To determine gestational weekly changes in continuous glucose monitoring (CGM) metrics and 24-h glucose profiles and their relationship to infant birth weight in pregnant women with type 1 diabetes.
An analysis of >10.5 million CGM glucose measures from 386 pregnant women with type 1 diabetes from two international multicenter studies was performed. CGM glucose metrics and 24-h glucose profiles were calculated for each gestational week, and the relationship to normal (10–90th percentile) and large (>90th percentile) for gestational age (LGA) birth weight infants was determined.
Mean CGM glucose concentration fell and percentage of time spent in the pregnancy target range of 3.5–7.8 mmol/L (63–140 mg/dL) increased in the first 10 weeks of pregnancy and plateaued until 28 weeks of gestation, before further improvement in mean glucose and percentage of time in range until delivery.
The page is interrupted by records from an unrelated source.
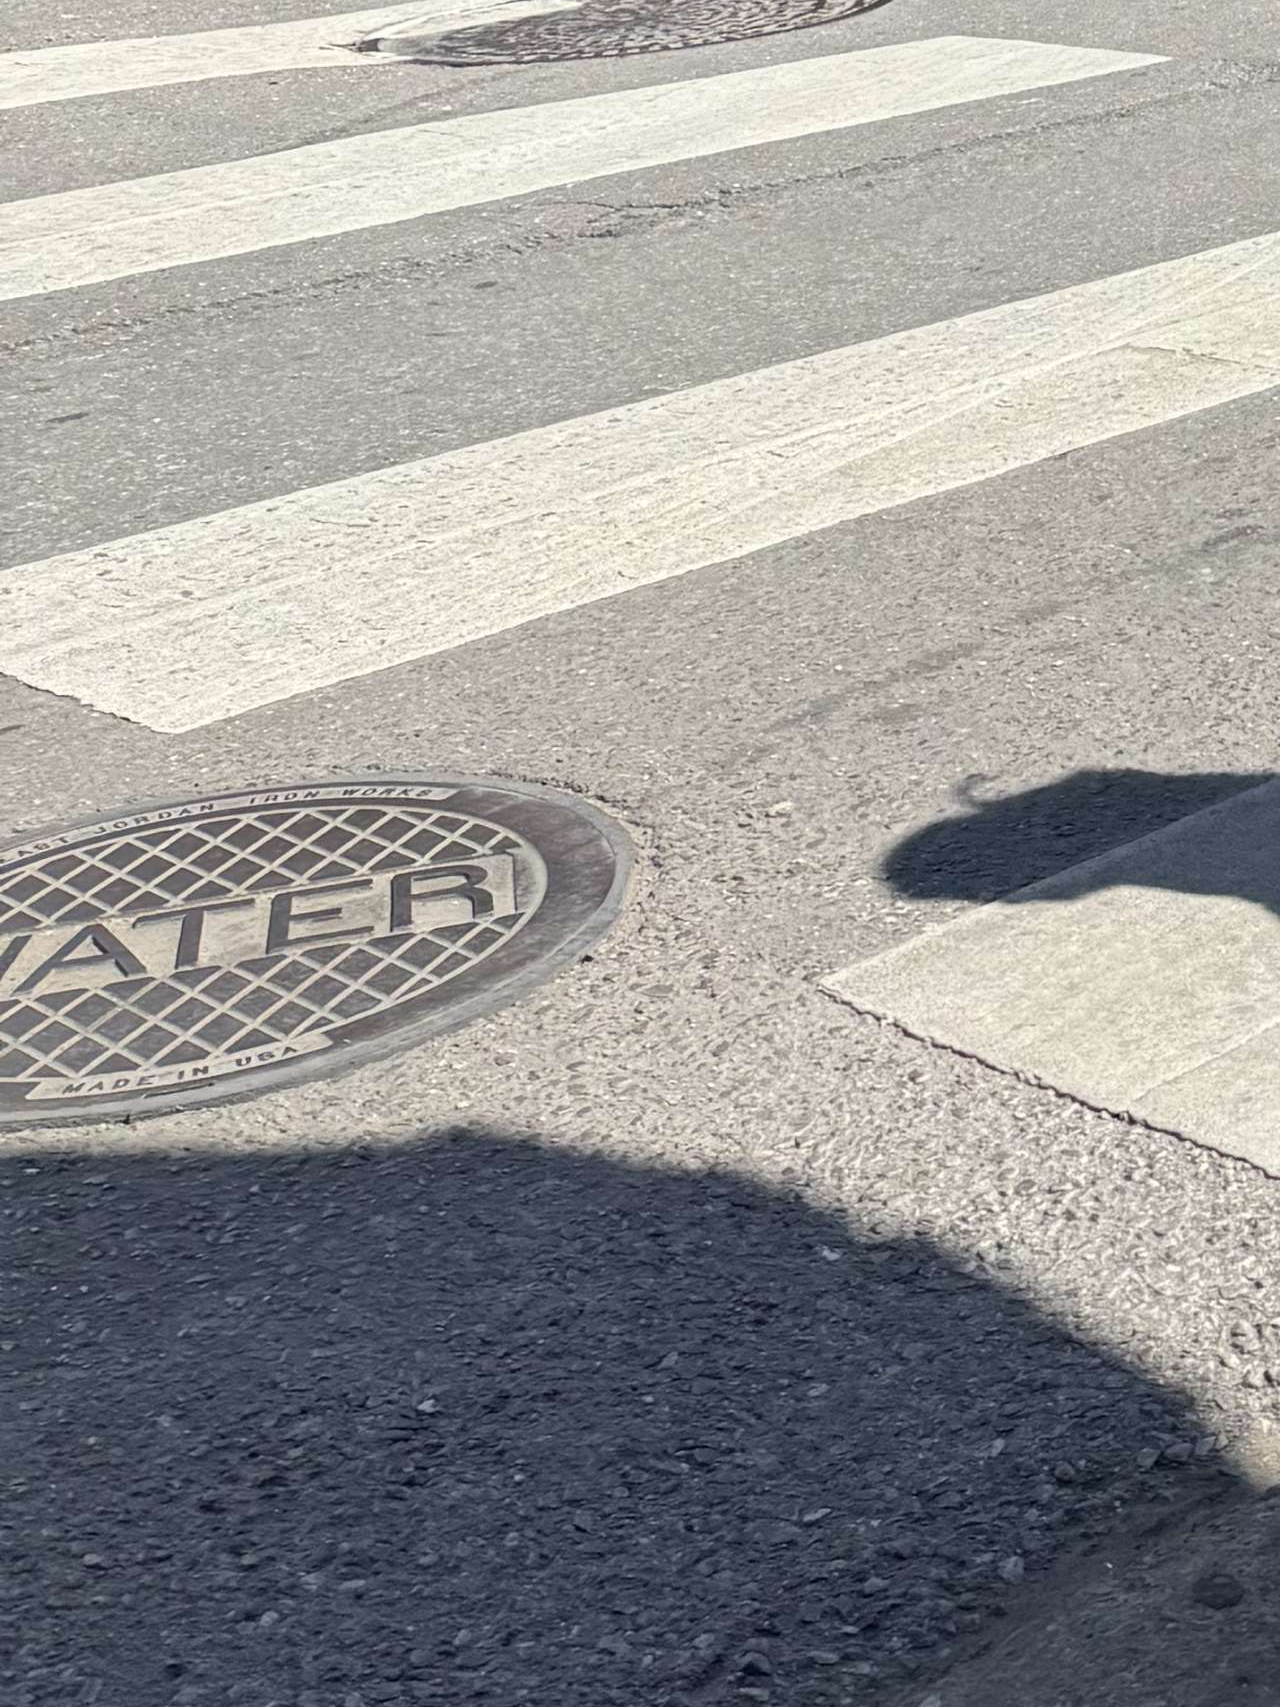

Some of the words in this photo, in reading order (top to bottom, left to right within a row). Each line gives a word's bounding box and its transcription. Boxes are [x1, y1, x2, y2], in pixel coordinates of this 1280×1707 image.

[93, 803, 214, 835] JORDAN
[342, 788, 434, 798] WORKS
[61, 1073, 157, 1094] MADE
[178, 1065, 209, 1080] IN
[236, 1046, 297, 1067] USA
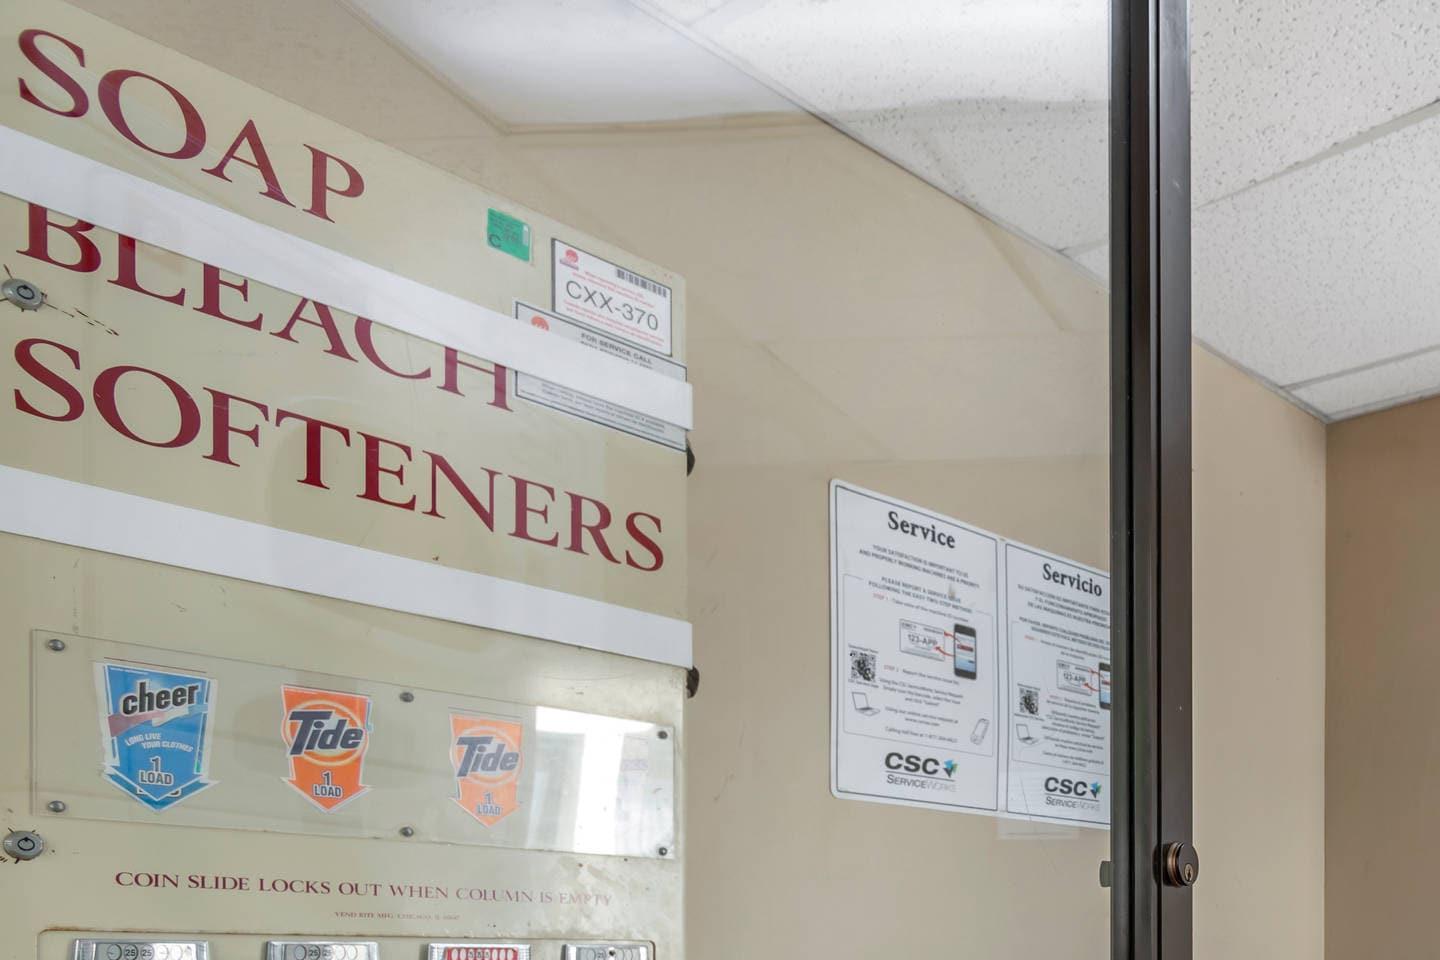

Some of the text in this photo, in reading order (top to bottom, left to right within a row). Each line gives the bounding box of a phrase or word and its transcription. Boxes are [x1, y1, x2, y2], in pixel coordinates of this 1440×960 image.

Maternal CGM glucose metrics diverged at 10 weeks of gestation, with significantly lower mean CGM glucose concentration (7.1 mmol/L; 95% CI 7.05–7.15 [127.8 mg/dL; 95% CI 126.9–128.7] vs. 7.5 mmol/L; 95% CI 7.45–7.55 [135 mg/dL; 95% CI 134.1–135.9]) and higher percentage of time in range (55%; 95% CI 54–56 vs. 50%; 95% CI 49–51) in women who had normal versus LGA. The 24-h glucose profiles were significantly higher across the day from 10 weeks of gestation in LGA.
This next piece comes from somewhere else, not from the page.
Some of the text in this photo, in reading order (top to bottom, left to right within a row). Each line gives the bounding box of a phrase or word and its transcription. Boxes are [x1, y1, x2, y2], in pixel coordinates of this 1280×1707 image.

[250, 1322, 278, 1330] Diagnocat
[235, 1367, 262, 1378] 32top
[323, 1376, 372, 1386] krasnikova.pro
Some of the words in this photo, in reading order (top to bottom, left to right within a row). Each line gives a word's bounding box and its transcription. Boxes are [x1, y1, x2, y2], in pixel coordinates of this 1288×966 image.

Normal birth weight is associated with achieving significantly lower mean CGM glucose concentration across the 24-h day and higher CGM time in range from before the end of the first trimester, emphasizing the need for a shift in clinical management, with increased focus on using weekly CGM glucose targets for optimizing maternal glycemia from early pregnancy.